Sunhye Chun / Housewife

My mother is a beautiful woman, always kind and smiling. When I was 7 years old, she underwent surgery for tuberculosis. She had twice suffered from near-fatal surgical errors and still found the strength to raise my brother and me as a single parent. Her body never really recovered fully. She became increasingly hysterical due to the pressure of her life and as a consequence, my brother and I lived with constant anxiety. You see, my mother wouldn’t accept even a small mistake from either one of us.

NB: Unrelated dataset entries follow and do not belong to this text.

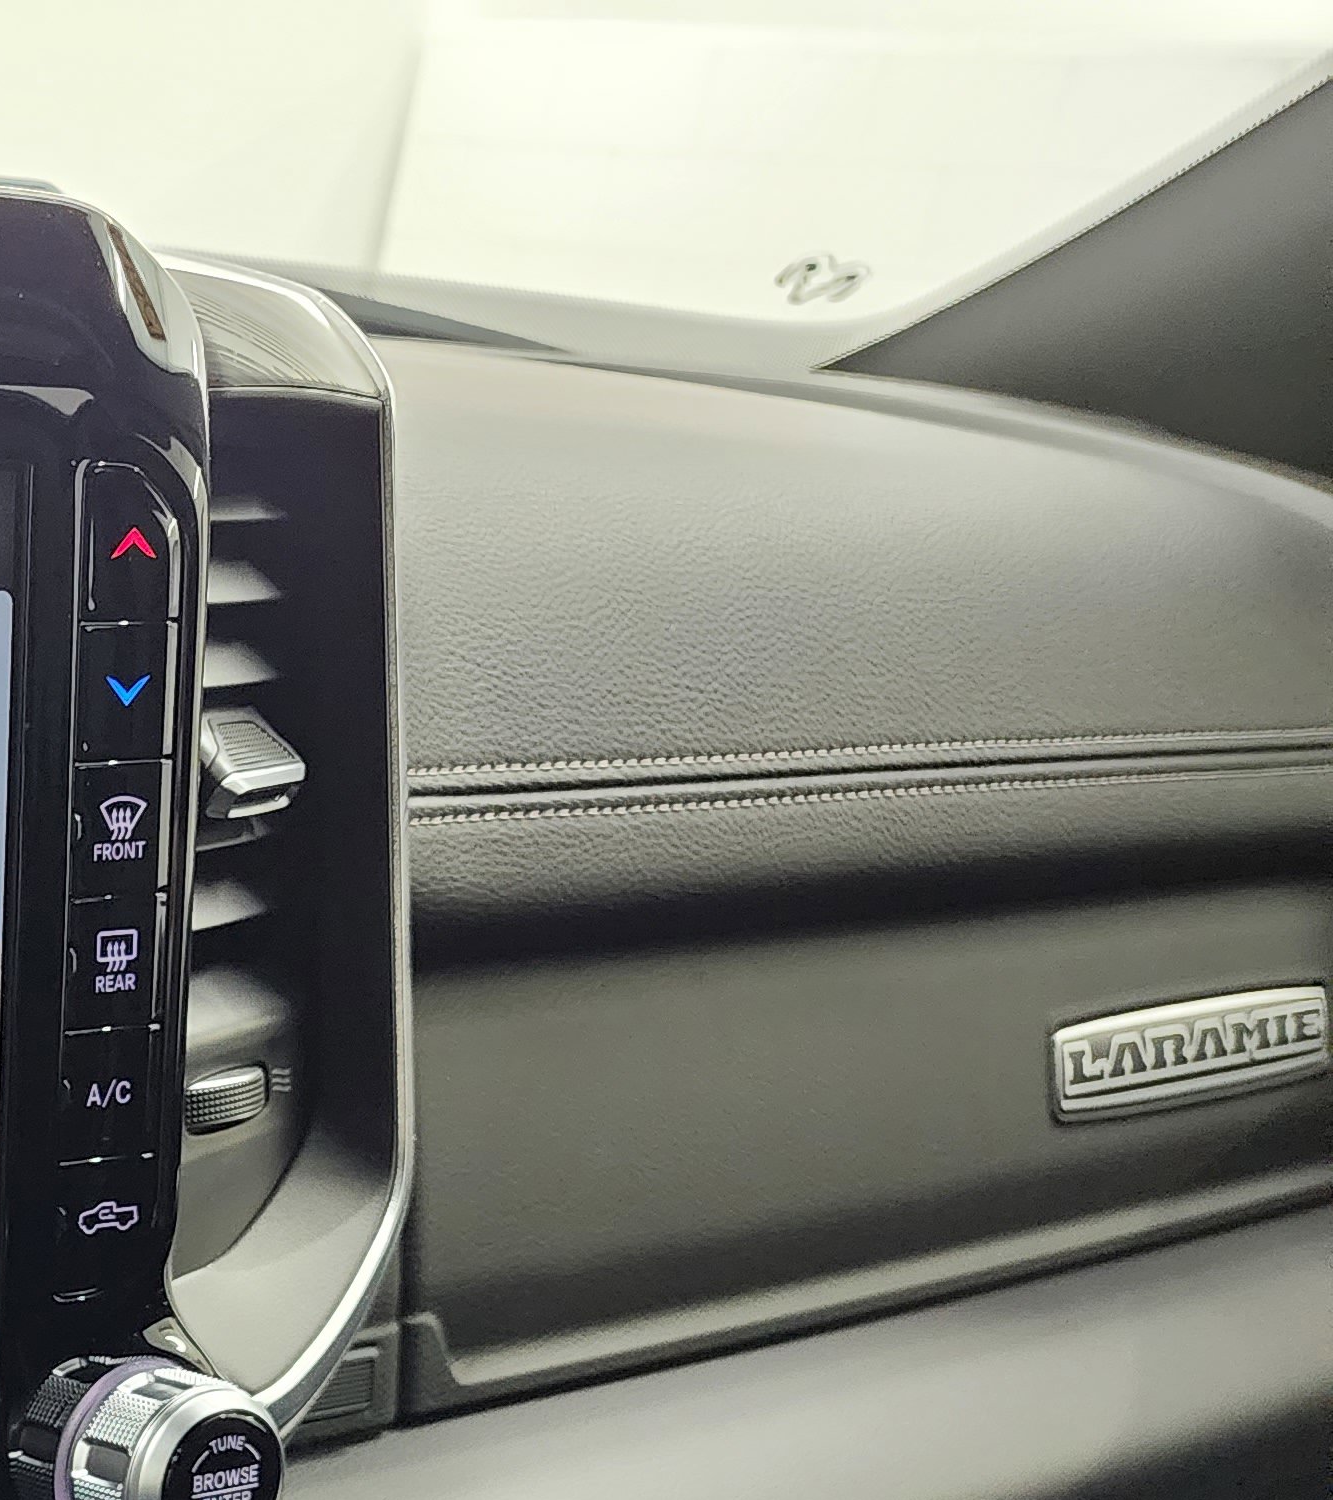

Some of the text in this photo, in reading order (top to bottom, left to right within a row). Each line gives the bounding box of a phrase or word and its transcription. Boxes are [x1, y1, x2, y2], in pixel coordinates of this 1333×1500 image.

[93, 840, 146, 862] FRONT
[95, 973, 136, 993] REAR
[1068, 1008, 1322, 1086] LARAMIE
[86, 1079, 131, 1107] A/C
[209, 1434, 246, 1454] TUNE
[193, 1464, 259, 1493] BROWSE
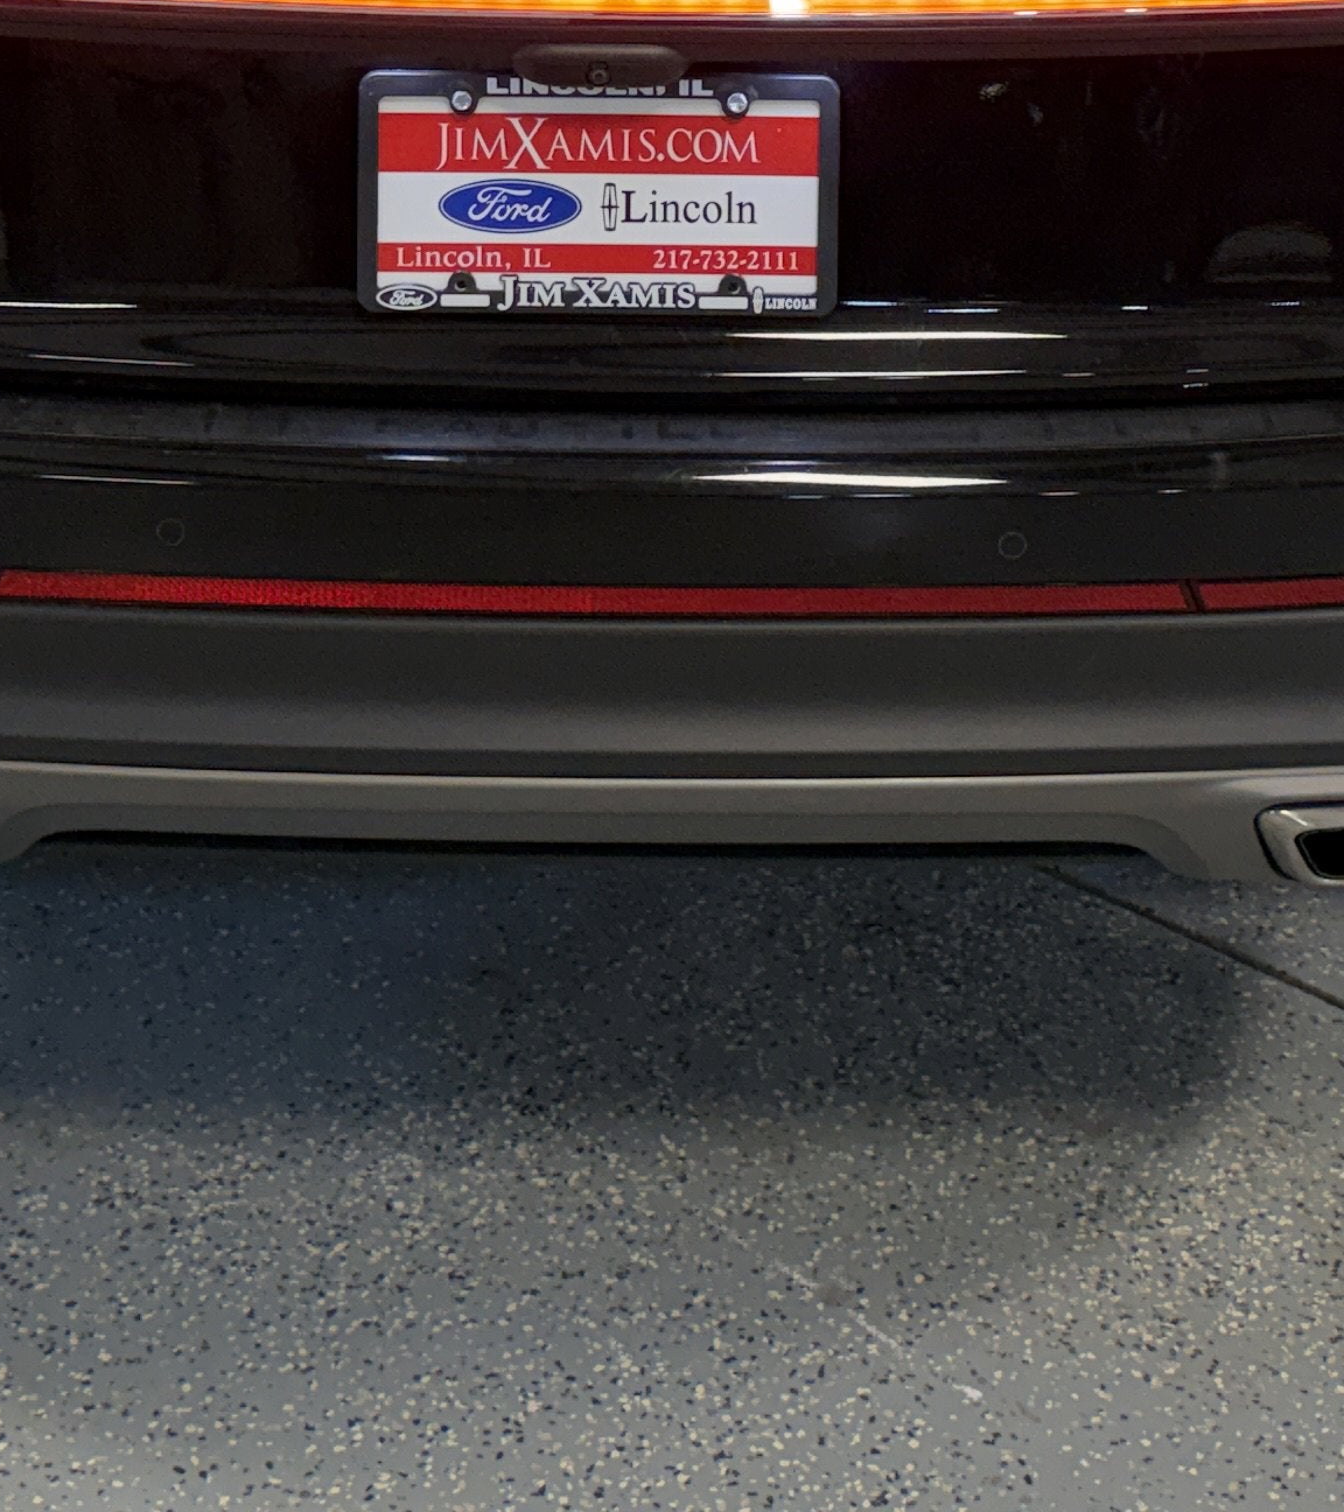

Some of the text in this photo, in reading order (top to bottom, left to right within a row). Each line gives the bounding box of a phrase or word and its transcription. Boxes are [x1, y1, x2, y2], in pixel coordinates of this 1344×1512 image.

[679, 79, 713, 96] IL
[436, 117, 761, 170] JIMXAMIS.COM
[467, 186, 758, 225] Ford Lincoln
[397, 245, 799, 272] Lincoln, IL 217-732-2111
[388, 275, 817, 311] Ford JIM XAMIS LINCOLN
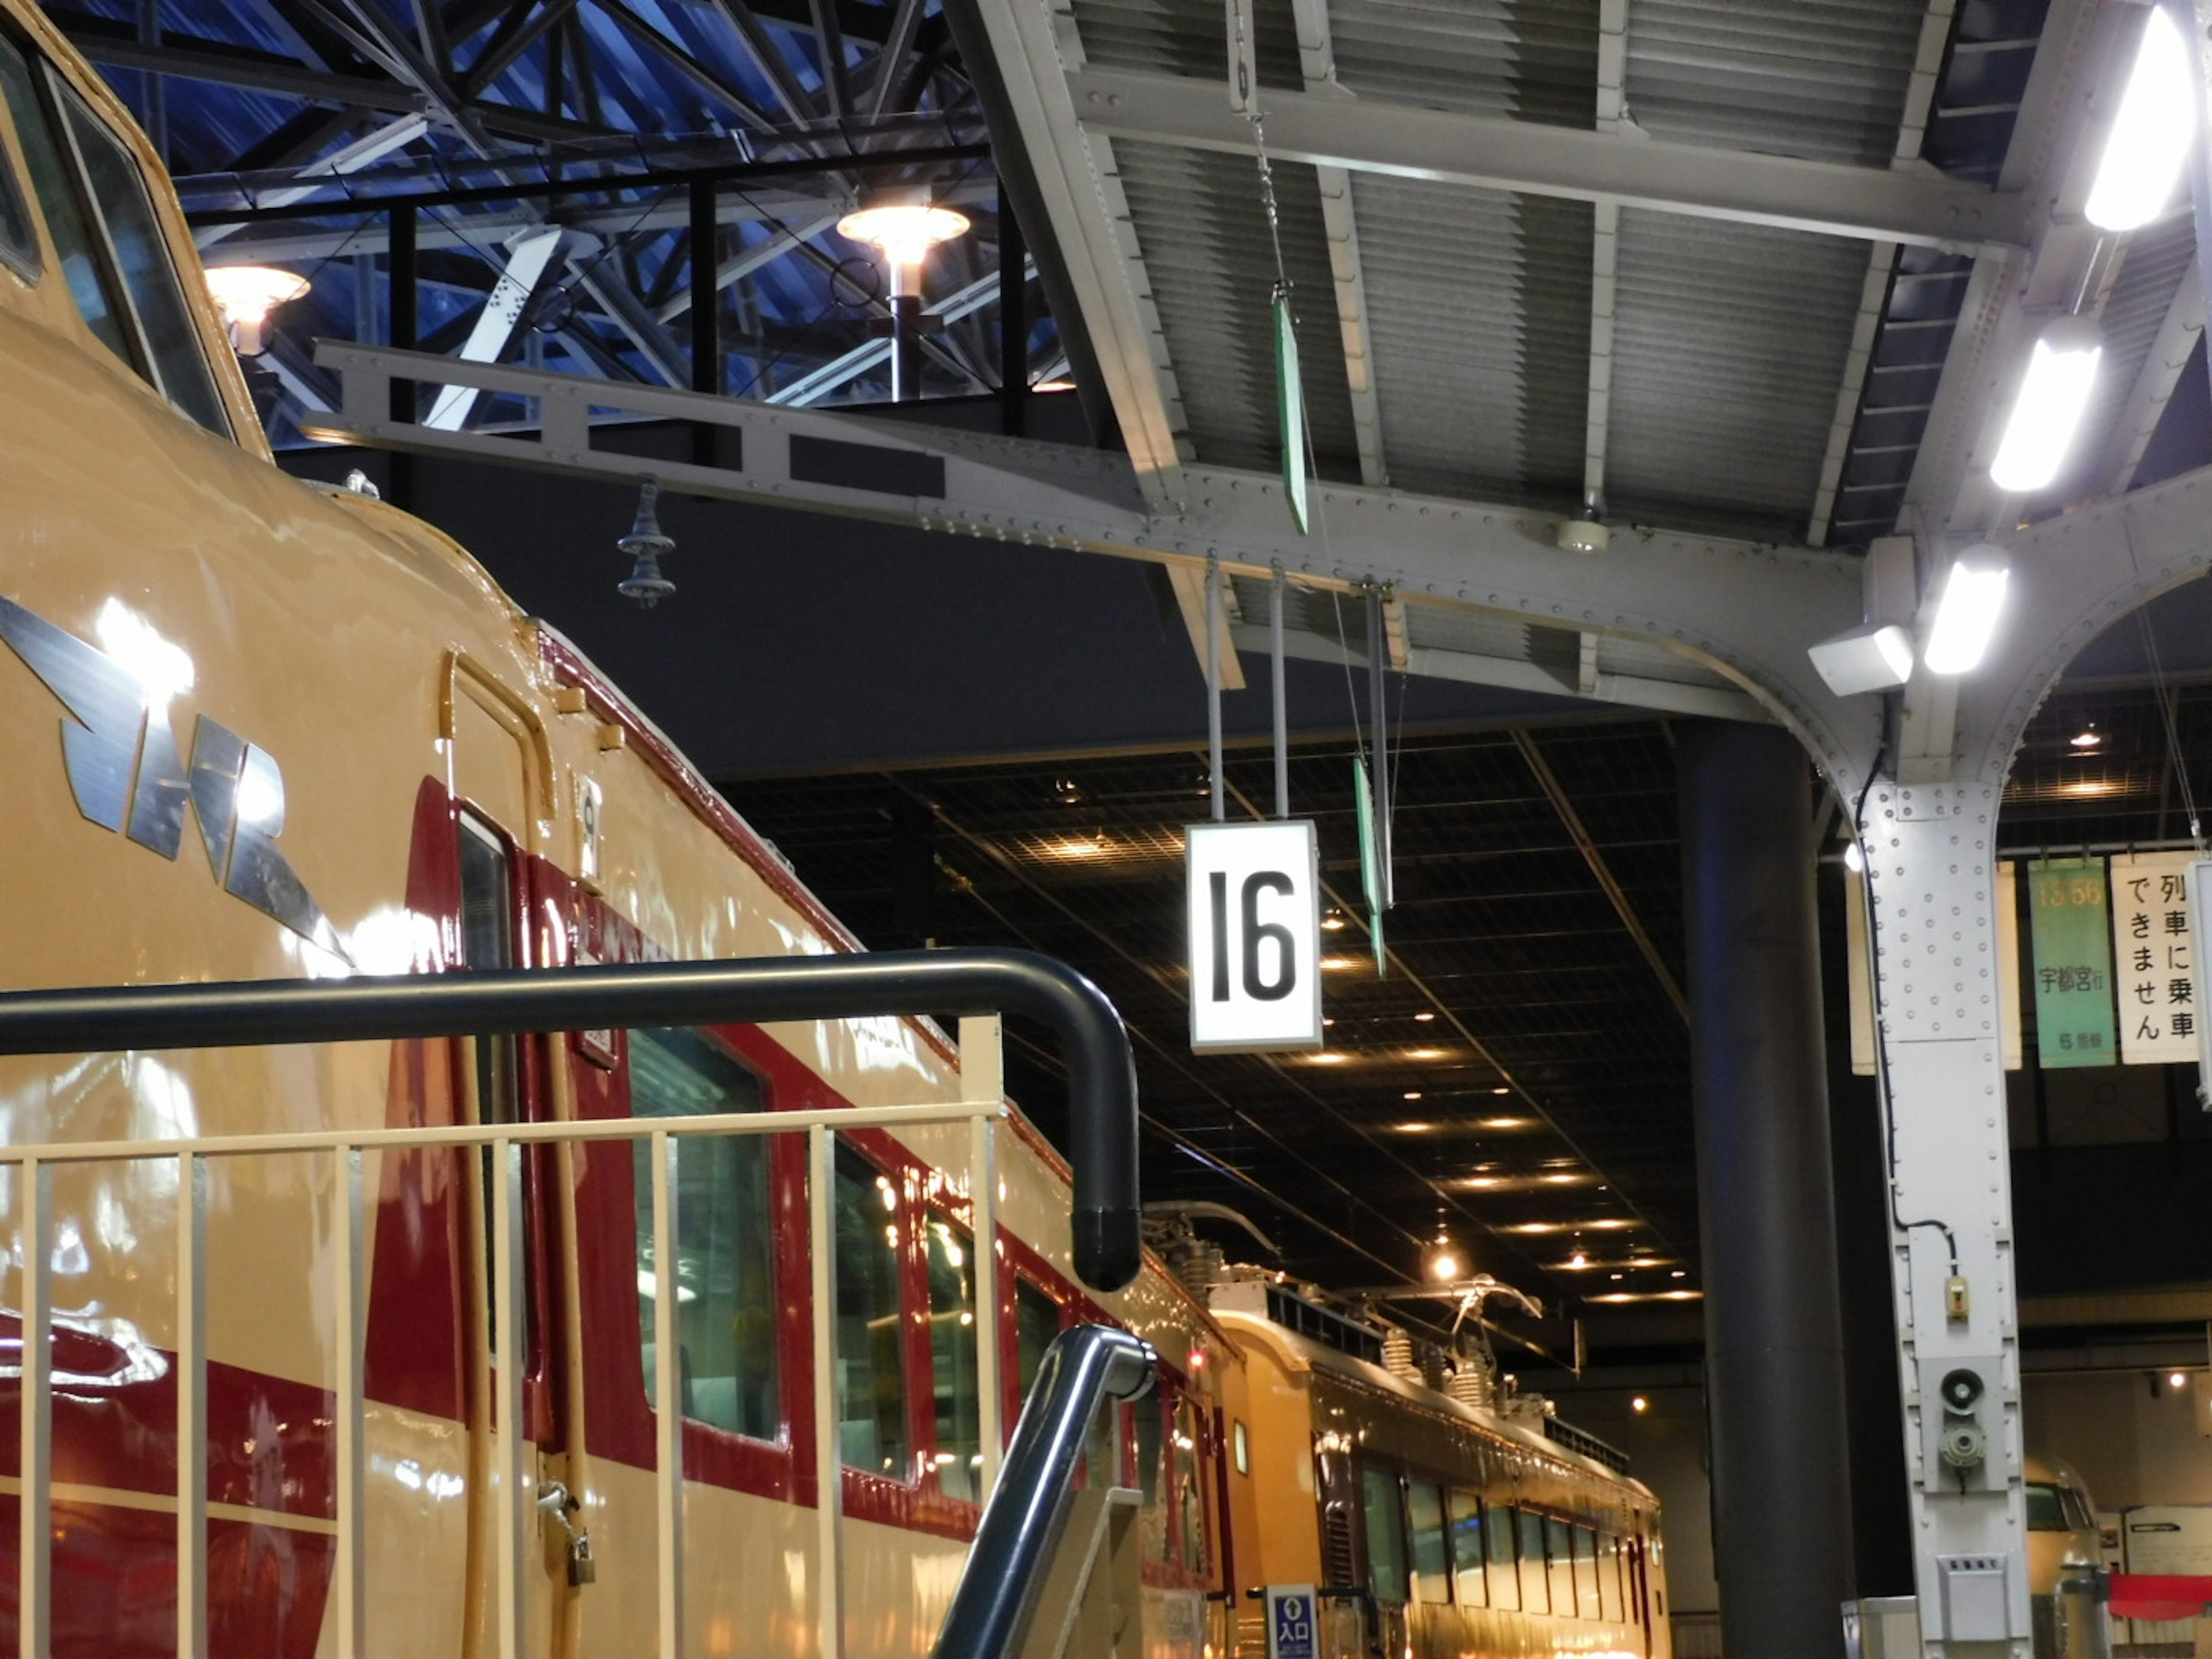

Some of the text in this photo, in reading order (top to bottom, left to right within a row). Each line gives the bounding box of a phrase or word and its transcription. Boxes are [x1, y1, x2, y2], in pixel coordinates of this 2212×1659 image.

[1209, 871, 1296, 1002] 16
[2127, 877, 2159, 1040] できません
[2160, 874, 2195, 1039] 列車に乗車
[1279, 1622, 1308, 1642] 入口

I was as unhappy and I hated my mother

I gradually began shutting my emotions off to my mother. I began to ignore her. I didn’t want to recognize her because I felt that she didn’t recognize me. From that point on, I hated my life. No matter what I did, I wasn’t joyful or happy; my mind became increasingly desolate. I decided I was going to be independent when I turned 20 years old. I decided I would break free from this negative cycle.

When I started college, I promised myself that I would live proudly, out from under my mother’s shadow. It became important for me to have control in my life. I jumped into the student protesting movement. And though I devoted myself to the movement, I soon realized that it wouldn’t help me to escape from the pain and childhood darkness. I couldn’t forgive my mother, and I couldn’t make peace with her either. Looking back, this was the same as denying myself. It was painful, so to escape from it I worked myself to death: I studied, I worked hard earning money, and I raised my child perfectly, but I was still miserable.

If only I could get out of this hellish heart…  I found meditation

Because of my relationship with my mother, naturally, my marriage relationship was not going very smooth. It was very difficult dealing with a husband. My husband, who was also struggling with me, encouraged me to practice meditation together with him. I desperately needed to grab a lifeline. If I could just get rid of this hellish heart, I thought I could do anything.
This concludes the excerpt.